→ Task brief:
Copy out the data below as written; omit any images.

→ Free-text object descriptions:

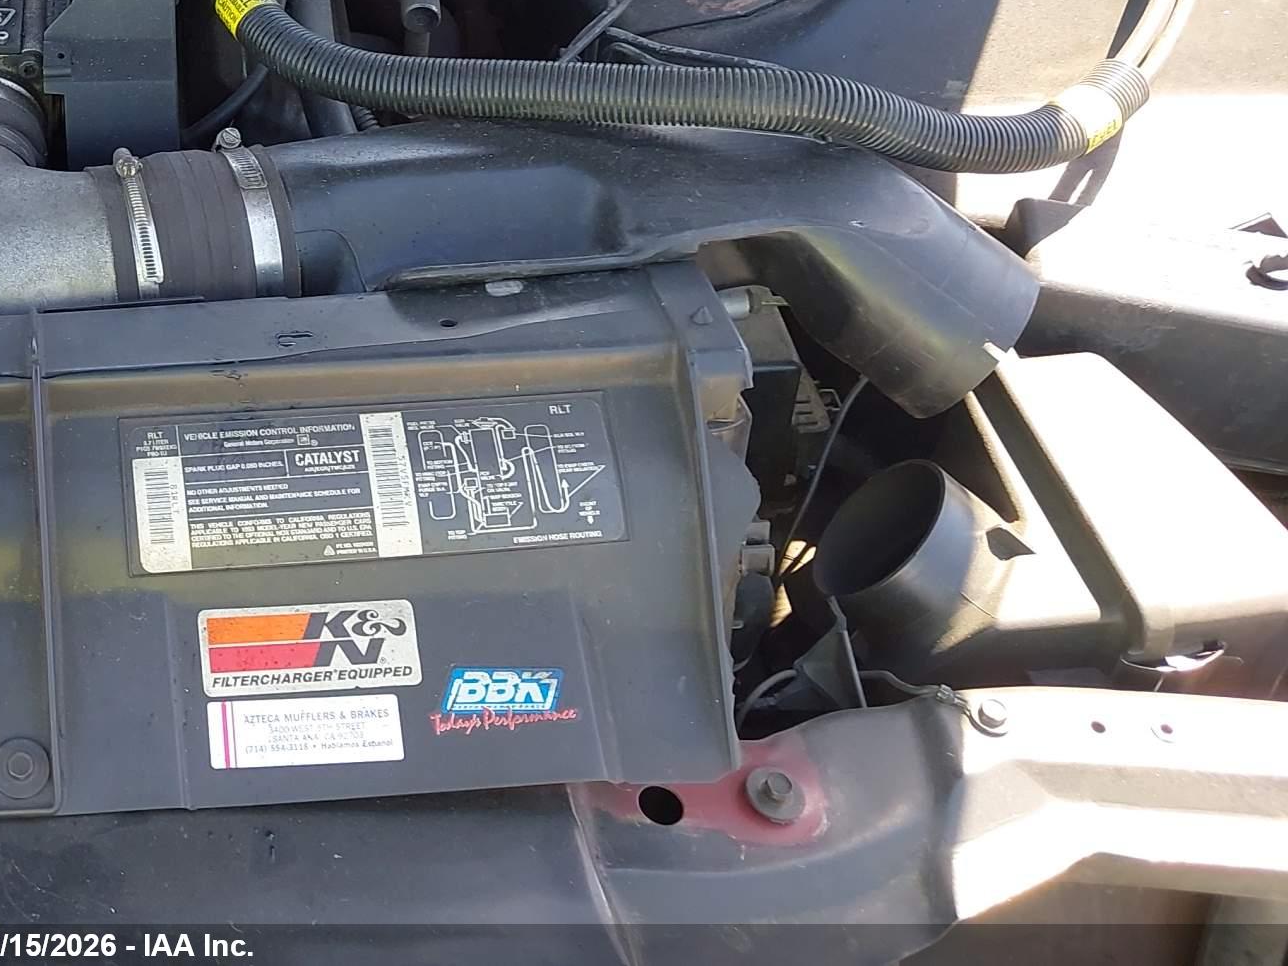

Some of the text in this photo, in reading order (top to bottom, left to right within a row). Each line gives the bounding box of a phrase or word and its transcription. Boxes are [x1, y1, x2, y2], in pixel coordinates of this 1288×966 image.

[549, 404, 570, 415] RLT
[220, 430, 258, 439] EMISSION
[259, 427, 297, 436] CONTROL
[295, 450, 360, 466] CATALYST
[212, 666, 412, 688] FILTERCHARGER EQUIPPED
[244, 713, 280, 724] AZTECA
[284, 711, 336, 722] MUFFLERS
[350, 708, 390, 720] BRAKES
[482, 706, 577, 731] Performance

→ Final answer:
Some of the text in this photo, in reading order (top to bottom, left to right within a row). Each line gives the bounding box of a phrase or word and its transcription. Boxes are [x1, y1, x2, y2], in pixel coordinates of this 1288×966 image.

[549, 404, 570, 415] RLT
[220, 430, 258, 439] EMISSION
[259, 427, 297, 436] CONTROL
[295, 450, 360, 466] CATALYST
[212, 666, 412, 688] FILTERCHARGER EQUIPPED
[244, 713, 280, 724] AZTECA
[284, 711, 336, 722] MUFFLERS
[350, 708, 390, 720] BRAKES
[482, 706, 577, 731] Performance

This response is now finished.